→ DATA TO EXAMINE
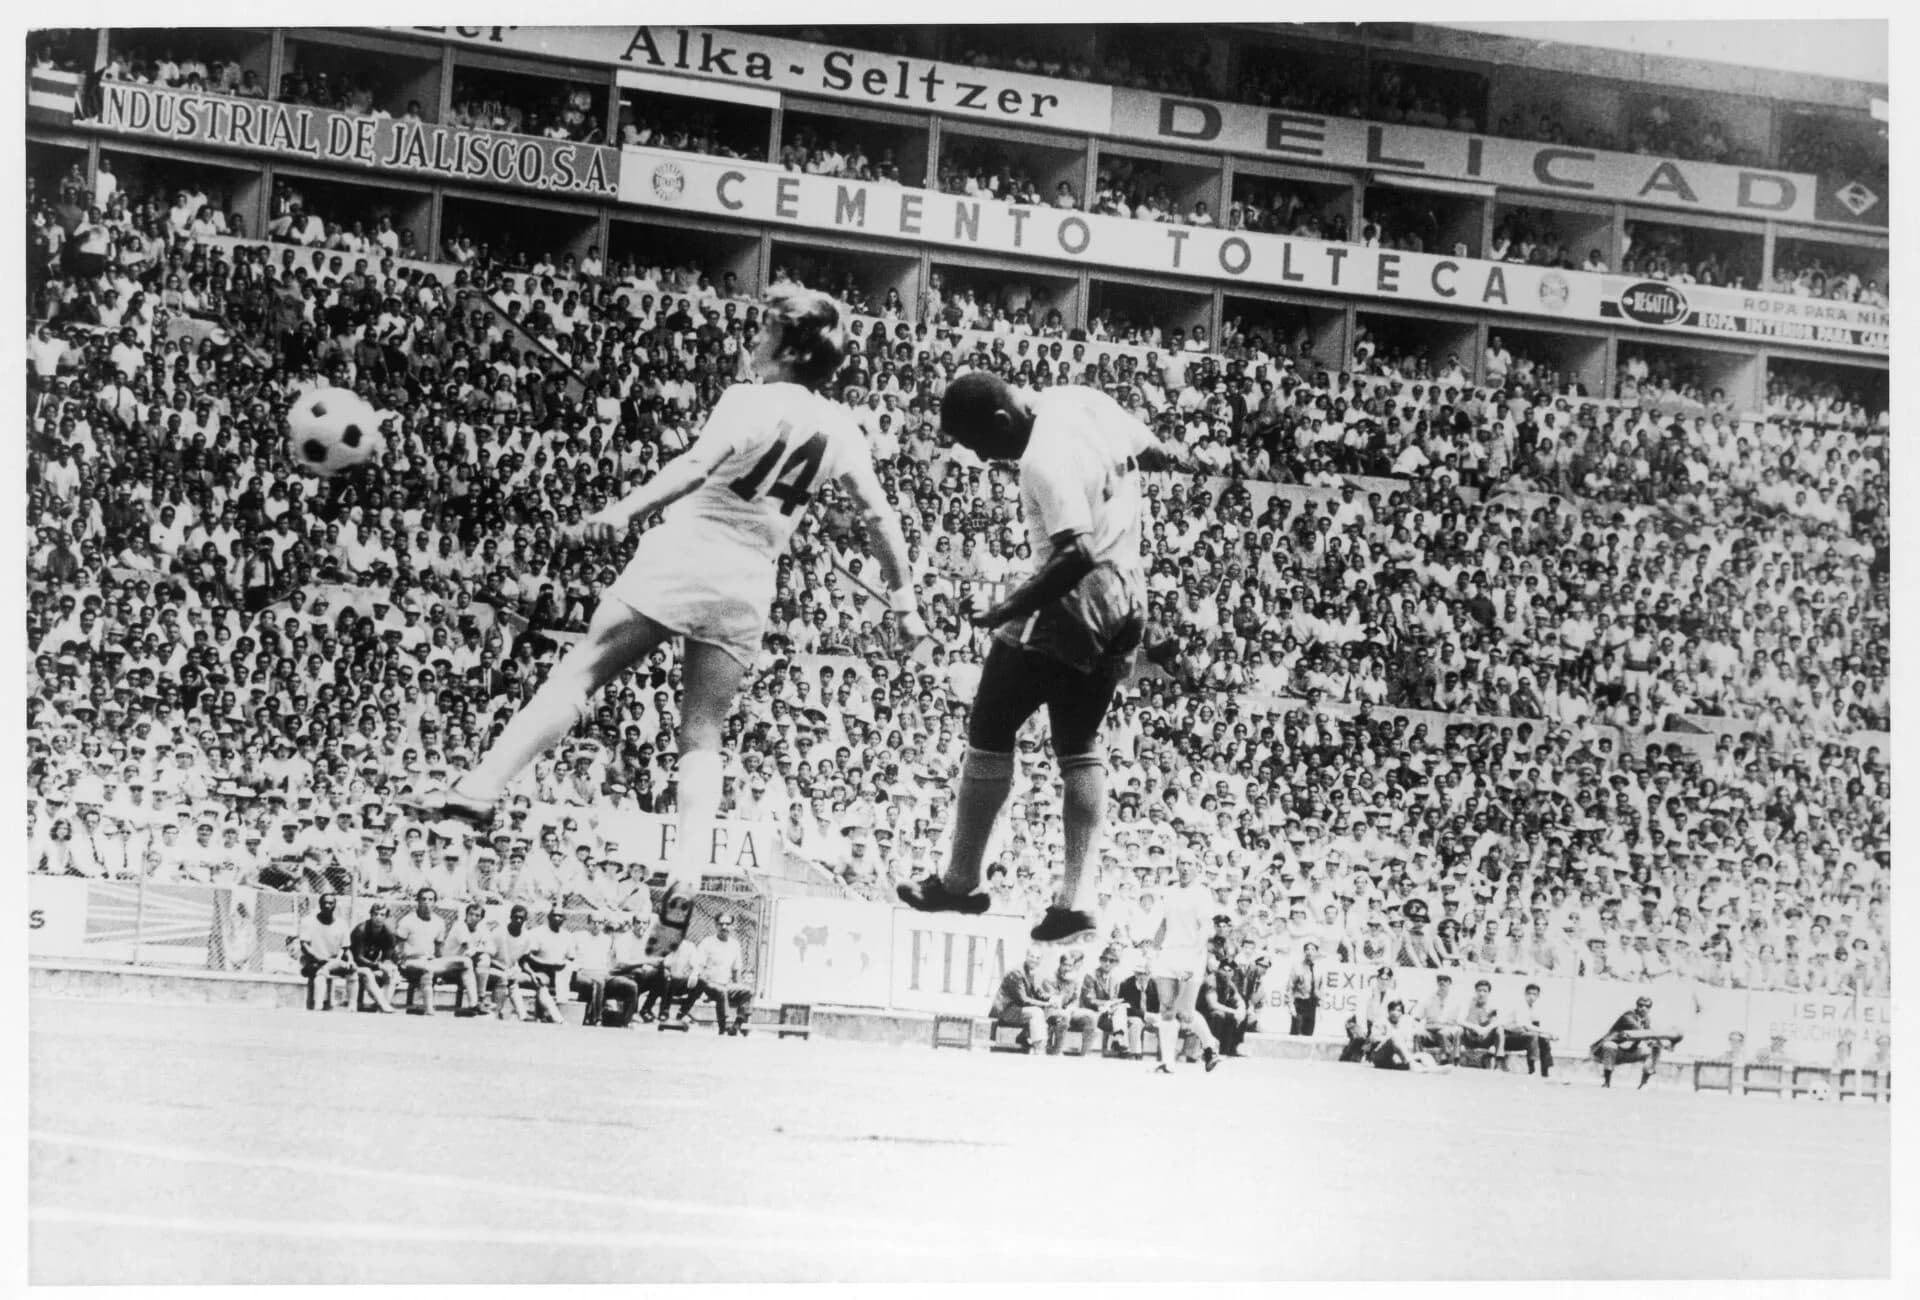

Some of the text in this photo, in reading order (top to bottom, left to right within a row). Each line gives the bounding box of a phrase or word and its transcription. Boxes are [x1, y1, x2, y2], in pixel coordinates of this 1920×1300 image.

[328, 116, 376, 162] DE
[1157, 97, 1797, 214] DELICAD
[716, 169, 1091, 255] CEMENTO
[1167, 229, 1509, 306] TOLTECA
[1698, 312, 1738, 331] ROPA
[1743, 298, 1798, 316] ROPA
[1804, 305, 1848, 322] PARA
[728, 422, 828, 517] 14
[658, 822, 760, 868] FFA

→ EXERCISE PROMPT
All of the data above needs to be retyped exactly, with the pictures removed.

→ WRITTEN REPLY
Some of the text in this photo, in reading order (top to bottom, left to right within a row). Each line gives the bounding box of a phrase or word and its transcription. Boxes are [x1, y1, x2, y2], in pixel coordinates of this 1920×1300 image.

[328, 116, 376, 162] DE
[1157, 97, 1797, 214] DELICAD
[716, 169, 1091, 255] CEMENTO
[1167, 229, 1509, 306] TOLTECA
[1698, 312, 1738, 331] ROPA
[1743, 298, 1798, 316] ROPA
[1804, 305, 1848, 322] PARA
[728, 422, 828, 517] 14
[658, 822, 760, 868] FFA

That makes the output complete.